Synopsis: This is a story about Kira Tezuka (named after the alias of my favorite manga and after the God of Manga, himself), a black and white Akita with a slim figure, small glasses, and stands about 5'11 in height. Kira starts the first year of his school at "Trackville High" in the fictional town of Trackville, North Carolina. At first, Kira is nervous about his new school year, having difficulty making friends, that is, until he comes across a girl named "Elizabeth Tyler" (Don't say her name is like the actress, she knows it and hates it), a a black cat that's two inches shorter than Kira and a hime cut, resembling twilight sparkle or Stocking Anarchy. The two become friends because she finds him "unique" after spotting him talking to himself; however, Kira wasn't the one talking to himself, but him talking to someone else. Later on after making soem other friends, strange things begin to happen at the school after Kira had arrived, such as ghosts, moving shadows, and monsters. Kira knows what they are, but his friends don't; so, he must protect his friends and the school from these phenomenons while hiding a secret from his friends.


----------



## Verin Asper (Apr 20, 2014)

wrong section


----------



## Kitsune134 (Apr 20, 2014)

sorry, still new to this forum. Where should I put this idea?


----------



## Kalmor (Apr 20, 2014)

Moved


----------



## Kitsune134 (Apr 21, 2014)

I need some ideas on how to make this story interesting. Any ideas?


----------



## Zan'theros (Apr 22, 2014)

Cause a romantic interest to be established between Kira and this anthro black cat. Make it like one of those 'forbidden love' type of things. That'll get people's attention, especially if the romantic tension gets high enough for some... intimate encounters.


----------



## Kitsune134 (Apr 22, 2014)

Good; I, also, have some ideas for other characters for Kira to interact. One character is named Shelly, a busty golden retriever who is one of the popular kids and is very nice to people, especially Kira; however, she tends to have to deal with her ex-boyfriend, Hunter, an arrogant grey wolf who is the school quarterback and is loosely based on the stereotypical jock. He acts as the antagonist of the story.In one part of the story, he blackmails Shelly into doing what he says, forging a fake photo of her having a foursome with four strangers, making it look like she's a skank and would threaten her by sending them across school campus, unless she becomes his slave. unfortunately for him, Kira catches on to this and saves her by fighting Hunter and destroying the phone before he could send them. Eventually, Shelly develops feelings for Kira, but develops a rivalry with Elizabeth.
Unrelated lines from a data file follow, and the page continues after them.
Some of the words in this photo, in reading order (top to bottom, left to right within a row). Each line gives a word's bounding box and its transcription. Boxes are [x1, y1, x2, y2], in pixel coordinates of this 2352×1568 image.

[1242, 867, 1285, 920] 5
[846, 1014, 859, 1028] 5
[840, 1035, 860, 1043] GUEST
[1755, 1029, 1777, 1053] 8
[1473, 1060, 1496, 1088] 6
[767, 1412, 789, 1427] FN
During the battle between Kira and Hunter, Kira starts loosing the fight due to his lack of having any fighting skills; however, while Hunter was about to plant the final blow, Kira grabs his fist and he, somehow, gains the upper hand while his eyes changed, demonically. He beats up Hunter, takes his phone, and crushes it with his bare hands. That's when his mysterious powers disappear, including his demon eyes, and runs off in shock.


----------



## Kitsune134 (May 1, 2014)

So what do you think?


----------